Clinical research is a more formal way of conducting research, and it’s this type of research that lawmakers rely on to make decisions about the future of cannabis. Although there’s been recent scorn towards the phrases “science-based” and “evidence-based”, these are still pretty important concepts for research.
This is the kind of research that we have “some” of, but certainly not enough of for cannabis. This is the chicken and the egg situation referenced above. Clinical research involves qualified specialists investigating a particular research question. It usually involves getting funding, ethics approval, and a well-thought-out methodology that is eventually executed to form research conclusions.
Clinical research is what you’ll see in academic journals and online research databases that provide a science- and evidence-based understanding. To be published, clinical studies and data are peer-reviewed, meaning they’re scrutinized by a team of academic peers that determine its efficacy. Once that is determined, it’s released to the academic community and in many cases, released through “open data” where the public can retrieve research information. If there isn’t a strong body of peer-reviewed research surrounding a particular issue, lawmakers have a difficult time passing legislation.

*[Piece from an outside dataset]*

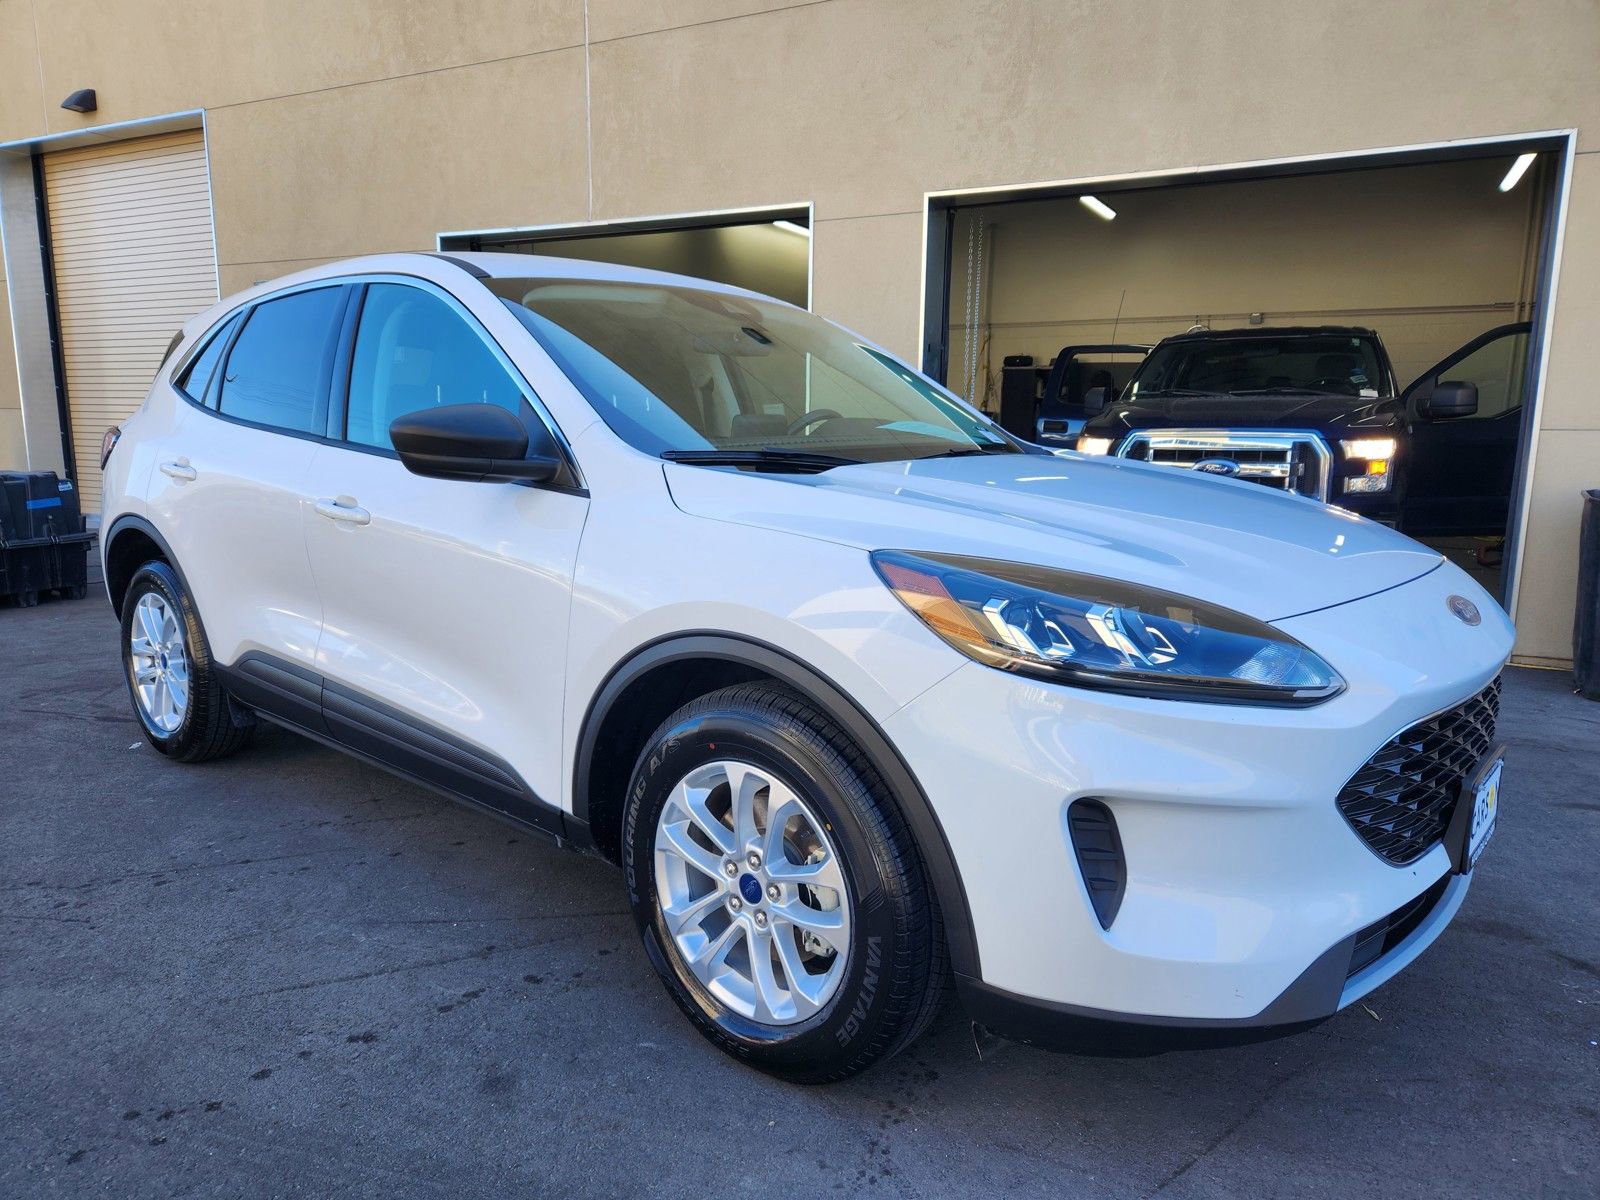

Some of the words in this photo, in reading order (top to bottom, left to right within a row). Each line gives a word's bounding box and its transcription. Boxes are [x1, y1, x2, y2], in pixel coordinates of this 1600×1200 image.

[625, 776, 647, 906] TOURING
[650, 737, 681, 776] A/S
[835, 936, 882, 1049] VANTAGE

What can we do in the absence of enough formal research on cannabis?
Become a Critical Learner About Cannabis
In order to strengthen the cannabis movement, we have to join together to commit to spreading accurate, informative, and true information about cannabis. We need to be discerning of the information we read and be prepared to toss out the garbage information that doesn’t present an accurate understanding of cannabis.
Here are a few ways you can help increase your cannabis information literacy:
- Check your sources. There are a lot of sub-par cannabis publications out there that are unfortunately more about clickbait than actually educating people about cannabis. If you’re reading about cannabis on a site that’s full of “BS” article links and you’re being barraged by popups and banners, you’re likely not getting the best information about cannabis. If people are claiming that “a study” revealed something, make sure there’s a link that brings you directly to that information.
- Don’t jump to conclusions based on bias. Take your time to research more about something before taking it as truth. There is A LOT of bias out there in terms of cannabis. People and interest groups will spread the information they want about cannabis and can spin any information to suit their agenda. Before sharing something, do a bit of background to ensure what you’re reading is substantiated.
- Become a research geek. Open access research publications allow anyone to read formal research about cannabis. Databases like Project CBD and the US National Library of Medicine (PubMed) contain links to full research documents as well as study abstracts that provide an overview of the formal research process and conclusions. There are a lot of helpful links to clinical research on cannabis, however limited.
- Advocate. You have the power as a citizen of your state to advocate for more cannabis research. Contact your municipal and state representatives, share your stories with them, and ask them to invest in and advocate for research into cannabis. Use your voice!
It’s On Us… For Now
It’s on the cannabis community to keep up the quality of information on cannabis high and to advocate for more empirical research and clinical research on cannabis so that we can substantiate what we know about cannabis already.
You can help by ensuring you become a discretionary consumer of cannabis information while helping to share and advocate towards collecting research that brings a more accurate view of how cannabis is changing lives.